BW Interview with Stanford's Derrick Bolton

BW has published an informative and lengthy interview with Stanford's Director of Admissions Derrick Bolton. If you are a Stanford applicant either preparing for a R1 interview or drafting and editing your R2 essays, this really is a must-read.

At the same time, while I strongly recommend this interview to Stanford applicants and find much of the advice to be spot on, I vehemently disagree with a few points:

Derrick argues that applicants should not try to stand out because they will end up sounding like all the other applicants trying to do the exact same thing. I completely agree with him that the kernel of an individualistic, unique essay lies within you; unearthing that kernel requires introspection, reflection, and sincerity. Having advised applicants to top business schools for over a decade, I am convinced that most applicants will reveal that unique kernel only when consciously choosing writing techniques and wording that will distinguish them. For more on this topic, please see:

Derrick's response to BW's question about admissions consultants is simply inaccurate and misleading. He says "This is a process that already is expensive and high-stress. In a lot of ways, [the admissions consulting] industry feeds on those two things, and it makes it more expensive and more stressful in a lot of cases."

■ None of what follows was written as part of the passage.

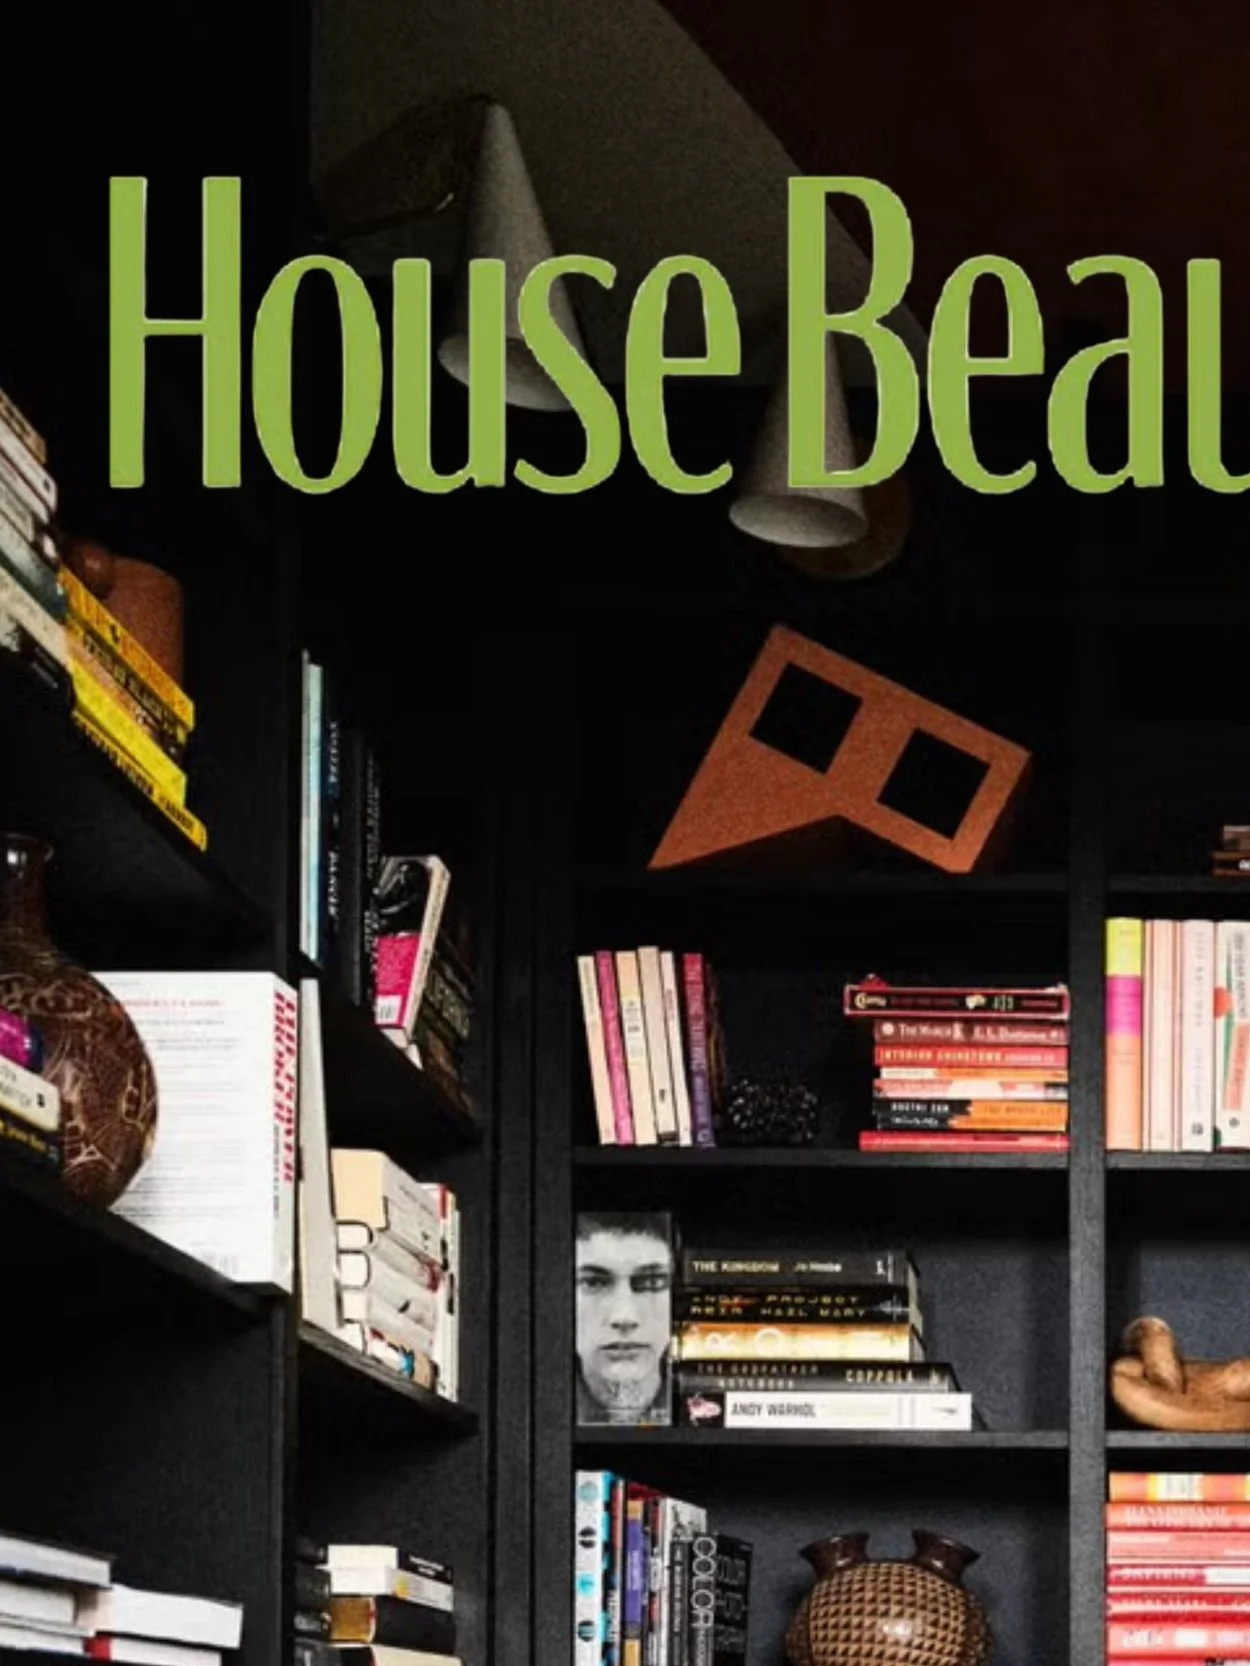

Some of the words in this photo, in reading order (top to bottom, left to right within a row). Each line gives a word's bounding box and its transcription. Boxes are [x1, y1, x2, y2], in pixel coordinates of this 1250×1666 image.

[692, 1261, 718, 1273] THE
[721, 1261, 780, 1273] KINGDOM
[731, 1402, 766, 1418] ANDY
[692, 1536, 717, 1628] COLOR

Give me a break. The schools contribute to the stress and raise tuition annually.

It is specious to isolate the cost of the application process from the overall cost of an MBA because the financial benefits of an MBA justify both the much larger investment in a graduate business education as well as a smaller investment in GMAT prep or admissions consulting. The two biggest costs of pursuing an MBA are tuition and the opportunity cost of leaving the work force. Either one of these factors dwarfs any fees paid to admissions consultants. In the words of an Accepted client, "Your fees are a rounding error in the cost of my MBA." Tuition paid to the schools is certainly the largest out-of-pocket expense.

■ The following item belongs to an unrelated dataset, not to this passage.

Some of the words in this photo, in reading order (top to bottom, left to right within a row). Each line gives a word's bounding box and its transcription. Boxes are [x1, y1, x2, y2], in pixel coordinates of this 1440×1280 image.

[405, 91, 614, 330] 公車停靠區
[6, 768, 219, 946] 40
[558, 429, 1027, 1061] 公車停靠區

The stress that Derrick laments comes from the intense competition to gain acceptance to schools like Stanford. In fairness, the competition and consequent stress stem primarily from the higher ranked programs' reputation for educational quality and the significantly higher average starting salary earned by their graduates. I certainly don’t believe that Derrick wants to reduce educational quality or damage Stanford's reputation to lower applicants' stress levels. But the schools are not innocent bystanders when it comes to the stress of the MBA application process: They nurture that competition to enhance their reputations and brand and to ensure the widest pool of candidates to pick from.